-------- Record extracts --------

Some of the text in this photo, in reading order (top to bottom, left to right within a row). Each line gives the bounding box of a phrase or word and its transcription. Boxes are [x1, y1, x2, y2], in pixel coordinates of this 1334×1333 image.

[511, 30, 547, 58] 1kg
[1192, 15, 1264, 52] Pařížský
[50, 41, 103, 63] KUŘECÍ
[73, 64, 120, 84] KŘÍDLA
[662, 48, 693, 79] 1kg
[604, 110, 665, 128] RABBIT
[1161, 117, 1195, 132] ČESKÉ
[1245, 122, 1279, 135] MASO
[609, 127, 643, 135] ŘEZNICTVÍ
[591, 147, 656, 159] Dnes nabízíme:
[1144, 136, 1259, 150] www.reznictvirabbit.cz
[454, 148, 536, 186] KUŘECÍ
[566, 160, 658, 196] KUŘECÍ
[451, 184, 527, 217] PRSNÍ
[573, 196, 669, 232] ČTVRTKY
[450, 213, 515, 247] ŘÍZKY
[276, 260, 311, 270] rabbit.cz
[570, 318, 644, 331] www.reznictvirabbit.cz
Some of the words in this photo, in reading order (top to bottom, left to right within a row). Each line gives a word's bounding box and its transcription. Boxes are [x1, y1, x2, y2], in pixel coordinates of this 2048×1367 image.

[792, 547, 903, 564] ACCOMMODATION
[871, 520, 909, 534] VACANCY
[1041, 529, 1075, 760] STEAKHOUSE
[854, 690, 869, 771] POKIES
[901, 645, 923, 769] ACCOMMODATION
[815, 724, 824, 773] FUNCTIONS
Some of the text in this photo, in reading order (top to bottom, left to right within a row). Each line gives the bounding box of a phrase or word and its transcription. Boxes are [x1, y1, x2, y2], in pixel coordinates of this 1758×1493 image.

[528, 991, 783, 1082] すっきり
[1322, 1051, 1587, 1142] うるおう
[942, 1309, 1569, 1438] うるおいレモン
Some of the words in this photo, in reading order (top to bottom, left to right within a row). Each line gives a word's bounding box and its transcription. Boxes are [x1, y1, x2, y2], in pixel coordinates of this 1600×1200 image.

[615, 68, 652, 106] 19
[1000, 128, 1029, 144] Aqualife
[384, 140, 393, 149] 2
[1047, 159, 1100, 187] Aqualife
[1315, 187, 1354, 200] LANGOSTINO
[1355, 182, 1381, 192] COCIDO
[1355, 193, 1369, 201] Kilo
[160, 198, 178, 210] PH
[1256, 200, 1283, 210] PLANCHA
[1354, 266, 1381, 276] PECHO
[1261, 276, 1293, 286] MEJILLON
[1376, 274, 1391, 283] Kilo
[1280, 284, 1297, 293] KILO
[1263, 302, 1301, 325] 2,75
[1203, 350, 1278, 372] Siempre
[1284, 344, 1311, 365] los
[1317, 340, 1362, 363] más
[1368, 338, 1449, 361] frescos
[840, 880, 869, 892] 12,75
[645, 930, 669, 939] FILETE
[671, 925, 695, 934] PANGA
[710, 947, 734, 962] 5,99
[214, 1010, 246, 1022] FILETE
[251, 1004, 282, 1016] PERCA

--------

**Work task**
Transcribe all of the material above with complete accuracy.

**Solution to this problem**
Some of the text in this photo, in reading order (top to bottom, left to right within a row). Each line gives the bounding box of a phrase or word and its transcription. Boxes are [x1, y1, x2, y2], in pixel coordinates of this 1334×1333 image.

[511, 30, 547, 58] 1kg
[1192, 15, 1264, 52] Pařížský
[50, 41, 103, 63] KUŘECÍ
[73, 64, 120, 84] KŘÍDLA
[662, 48, 693, 79] 1kg
[604, 110, 665, 128] RABBIT
[1161, 117, 1195, 132] ČESKÉ
[1245, 122, 1279, 135] MASO
[609, 127, 643, 135] ŘEZNICTVÍ
[591, 147, 656, 159] Dnes nabízíme:
[1144, 136, 1259, 150] www.reznictvirabbit.cz
[454, 148, 536, 186] KUŘECÍ
[566, 160, 658, 196] KUŘECÍ
[451, 184, 527, 217] PRSNÍ
[573, 196, 669, 232] ČTVRTKY
[450, 213, 515, 247] ŘÍZKY
[276, 260, 311, 270] rabbit.cz
[570, 318, 644, 331] www.reznictvirabbit.cz
Some of the words in this photo, in reading order (top to bottom, left to right within a row). Each line gives a word's bounding box and its transcription. Boxes are [x1, y1, x2, y2], in pixel coordinates of this 2048×1367 image.

[792, 547, 903, 564] ACCOMMODATION
[871, 520, 909, 534] VACANCY
[1041, 529, 1075, 760] STEAKHOUSE
[854, 690, 869, 771] POKIES
[901, 645, 923, 769] ACCOMMODATION
[815, 724, 824, 773] FUNCTIONS
Some of the text in this photo, in reading order (top to bottom, left to right within a row). Each line gives the bounding box of a phrase or word and its transcription. Boxes are [x1, y1, x2, y2], in pixel coordinates of this 1758×1493 image.

[528, 991, 783, 1082] すっきり
[1322, 1051, 1587, 1142] うるおう
[942, 1309, 1569, 1438] うるおいレモン
Some of the words in this photo, in reading order (top to bottom, left to right within a row). Each line gives a word's bounding box and its transcription. Boxes are [x1, y1, x2, y2], in pixel coordinates of this 1600×1200 image.

[615, 68, 652, 106] 19
[1000, 128, 1029, 144] Aqualife
[384, 140, 393, 149] 2
[1047, 159, 1100, 187] Aqualife
[1315, 187, 1354, 200] LANGOSTINO
[1355, 182, 1381, 192] COCIDO
[1355, 193, 1369, 201] Kilo
[160, 198, 178, 210] PH
[1256, 200, 1283, 210] PLANCHA
[1354, 266, 1381, 276] PECHO
[1261, 276, 1293, 286] MEJILLON
[1376, 274, 1391, 283] Kilo
[1280, 284, 1297, 293] KILO
[1263, 302, 1301, 325] 2,75
[1203, 350, 1278, 372] Siempre
[1284, 344, 1311, 365] los
[1317, 340, 1362, 363] más
[1368, 338, 1449, 361] frescos
[840, 880, 869, 892] 12,75
[645, 930, 669, 939] FILETE
[671, 925, 695, 934] PANGA
[710, 947, 734, 962] 5,99
[214, 1010, 246, 1022] FILETE
[251, 1004, 282, 1016] PERCA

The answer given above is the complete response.